Salesmen hawked how a given security would be perfect for the client’s portfolio, how they were certain it would rise in price and how the client would suffer great regret if he missed “such an opportunity”—that type of discourse. Salespeople are experts in the art of psychological manipulation, making the client trade, often against his own interest, all the while being happy about it and loving them and their company. One of the top salesmen at the firm, a man with huge charisma who came to work in a chauffeured Rolls Royce, was once asked whether customers didn’t get upset when they got the short end of the stick. “Rip them off, don’t tick them off” was his answer. He also added, “Remember that every day a new customer is born.”

As the Romans were fully aware, one lauds merrily the merchandise to get rid of it.

The Price of Corn in Rhodes

So, “giving advice” as a sales pitch is fundamentally unethical—selling cannot be deemed advice. We can safely settle on that. You can give advice, or you can sell (by advertising the quality of the product), and the two need to be kept separate.

But there is an associated problem in the course of the transactions: how much should the seller reveal to the buyer?
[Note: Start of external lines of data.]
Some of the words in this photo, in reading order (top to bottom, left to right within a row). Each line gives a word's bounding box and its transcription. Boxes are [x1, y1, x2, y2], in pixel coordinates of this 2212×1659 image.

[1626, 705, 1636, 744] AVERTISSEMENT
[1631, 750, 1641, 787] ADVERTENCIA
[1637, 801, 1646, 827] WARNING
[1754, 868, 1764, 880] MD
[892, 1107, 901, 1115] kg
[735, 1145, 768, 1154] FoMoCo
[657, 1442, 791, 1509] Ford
The question “Is it ethical to sell something to someone knowing the price will eventually drop?” is an ancient one—but its solution is no less straightforward. The debate goes back to a disagreement between two stoic philosophers, Diogenes of Babylon and his student Antipater of Tarsus, who took the higher moral ground on asymmetric information and seems to match the ethics endorsed by this author. Not a piece from both authors is extant, but we know quite a bit from secondary sources, or, in the case of Cicero, tertiary. The question was presented as follows, retailed by Cicero in De Officiis. Assume a man brought a large shipment of corn from Alexandria to Rhodes, at a time when corn was expensive in Rhodes because of shortage and famine. Suppose that he also knew that many boats had set sail from Alexandria on their way to Rhodes with similar merchandise. Does he have to inform the Rhodians? How can one act honorably or dishonorably in these circumstances?
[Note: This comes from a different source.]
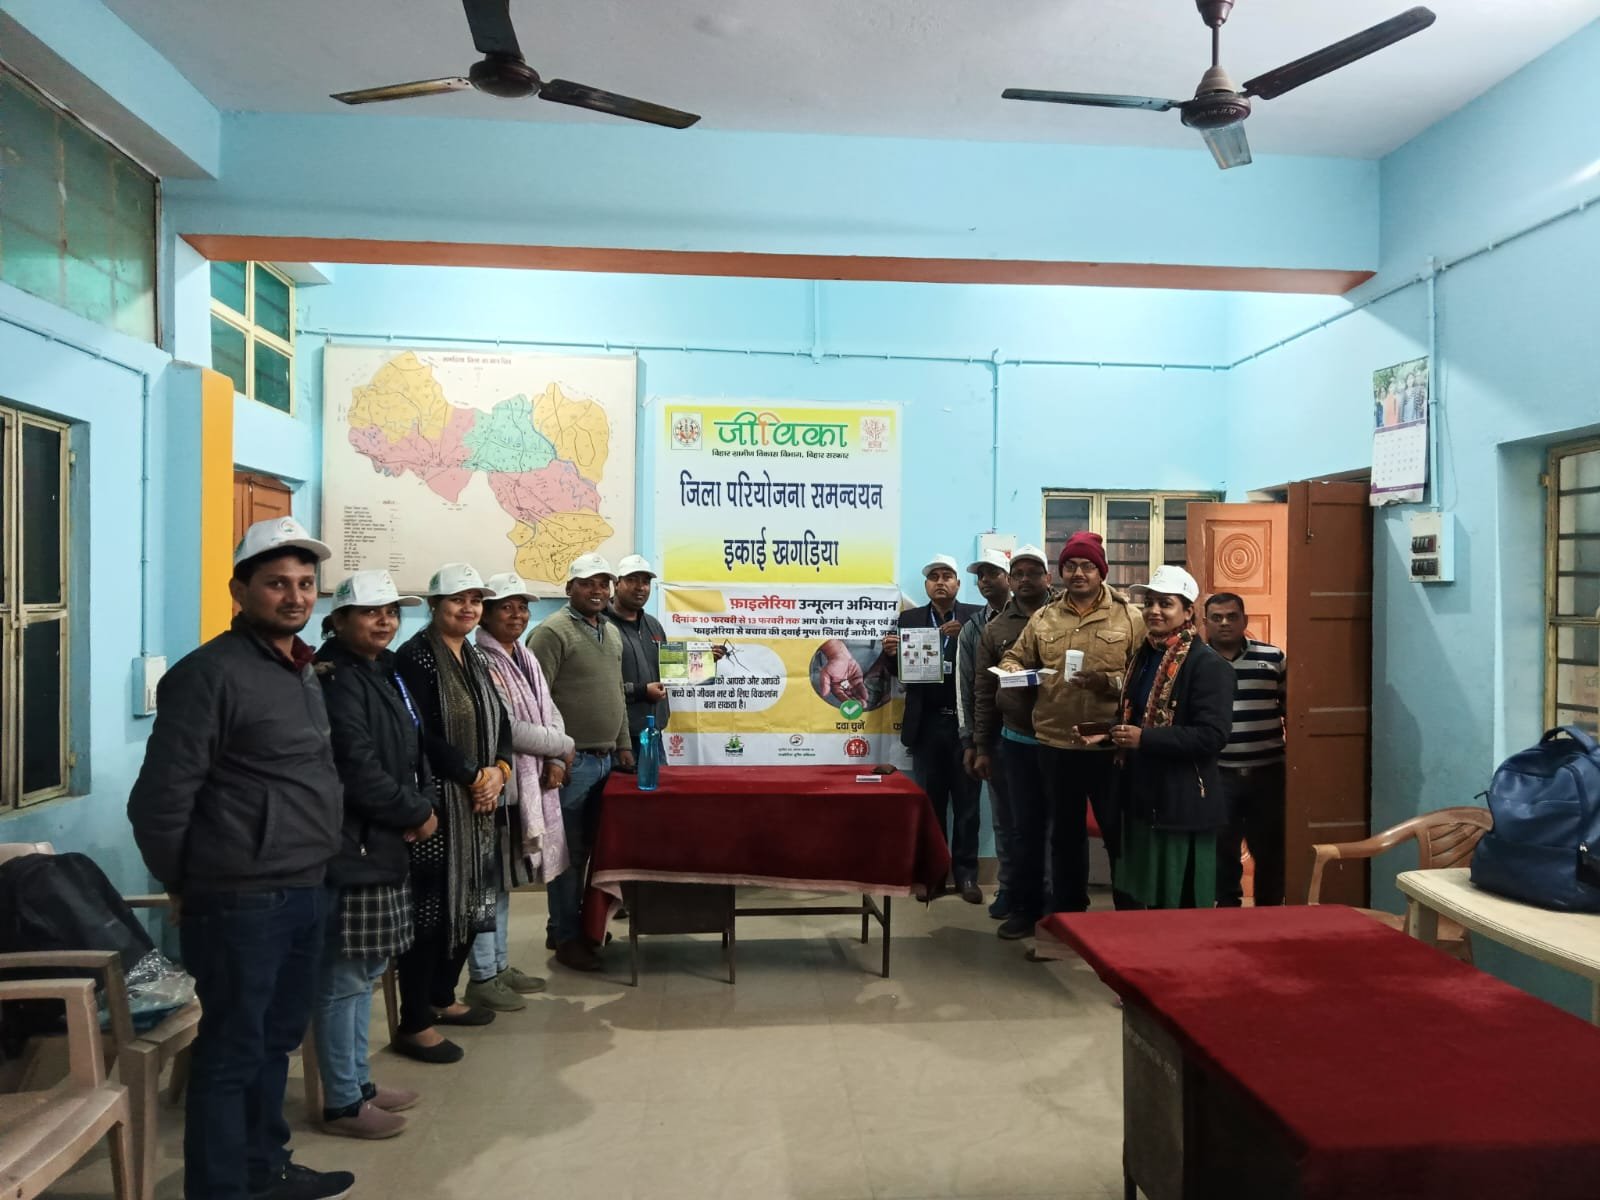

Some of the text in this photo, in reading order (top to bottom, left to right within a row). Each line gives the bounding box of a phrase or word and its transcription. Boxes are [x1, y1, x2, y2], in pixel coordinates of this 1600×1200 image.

We traders had a straightforward answer. Again, “stuffing”—selling quantities to people without informing them that there are large inventories waiting to be sold. An upright trader will not do that to other professional traders; it was a no-no. The penalty was ostracism. But it was sort of permissible to do it to the anonymous market and the faceless nontraders, or those we called “the Swiss,” some random suckers far away. There were people with whom we had a relational rapport, others with whom we had a transactional one. The two were separated by an ethical wall, much like the case with domestic animals that cannot be harmed, while rules on cruelty are lifted when it comes to cockroaches.

Diogenes held that the seller ought to disclose as much as civil law requires. As for Antipater, he believed that everything ought to be disclosed—beyond the law—so that there was nothing that the seller knew that the buyer didn’t know.
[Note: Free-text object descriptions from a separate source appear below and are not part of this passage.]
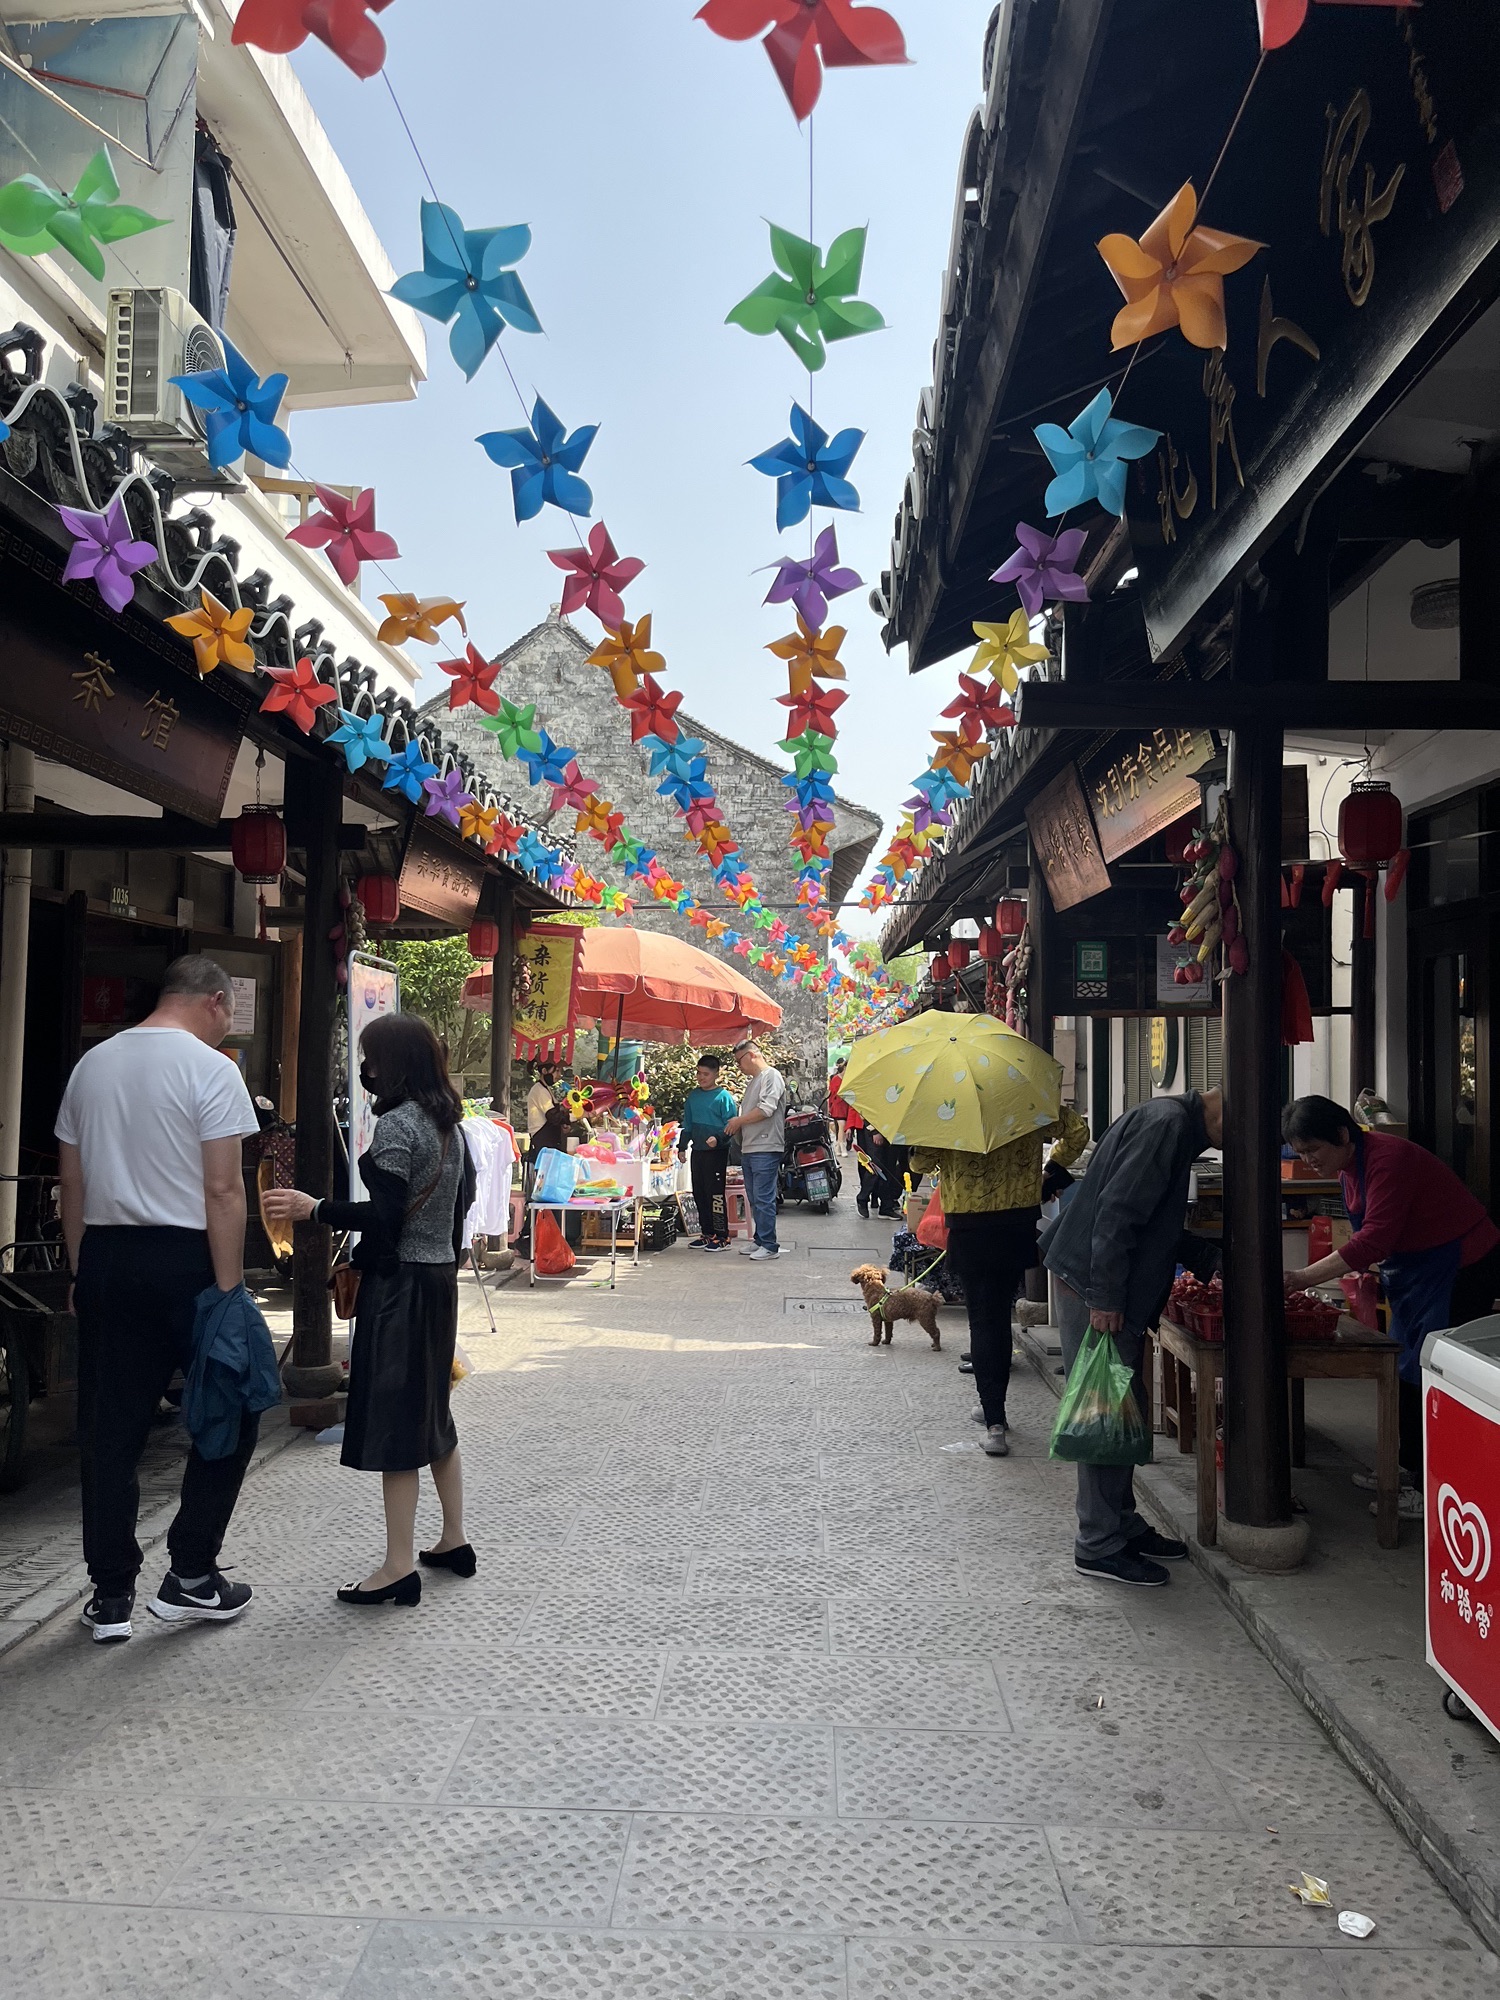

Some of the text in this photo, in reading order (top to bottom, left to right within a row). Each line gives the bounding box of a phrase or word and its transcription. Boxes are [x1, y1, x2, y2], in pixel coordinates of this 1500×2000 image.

[71, 650, 180, 750] 茶馆
[111, 886, 129, 905] 1036
[523, 944, 552, 1022] 杂货铺
[712, 1193, 725, 1214] ERA
[1439, 1569, 1491, 1639] 和路雪
Clearly Antipater’s position is more robust—robust being invariant to time, place, situation, and color of the eyes of the participants. Take for now that

The ethical is always more robust than the legal. Over time, it is the legal that should converge to the ethical, never the reverse.

Hence:

Laws come and go; ethics stay.

For the notion of “law” is ambiguous and highly jurisdiction dependent: in the U.S., civil law, thanks to consumer advocates and similar movements, integrates such disclosures, while other countries have different laws. This is particularly visible with securities laws, as there are “front running” regulations and those concerning insider information that make such disclosure mandatory in the U.S., though this wasn’t so for a long time in Europe.

Indeed much of the work of investment banks in my day was to play on regulations, find loopholes in the laws. And, counterintuitively, the more regulations, the easier it was to make money.

Equality in Uncertainty

Which brings us to asymmetry, the core concept behind skin in the game. The question becomes: to what extent can people in a transaction have an informational differential between them? The ancient Mediterranean and, to some extent, the modern world, seem to have converged to Antipater’s position. While we have “buyer beware” (caveat emptor) in the Anglo-Saxon West, the idea is rather new, and never general, often mitigated by lemon laws. (A “lemon” was originally a chronically defective car, say, my convertible Mini, in love with the garage, now generalized to apply to anything that moves).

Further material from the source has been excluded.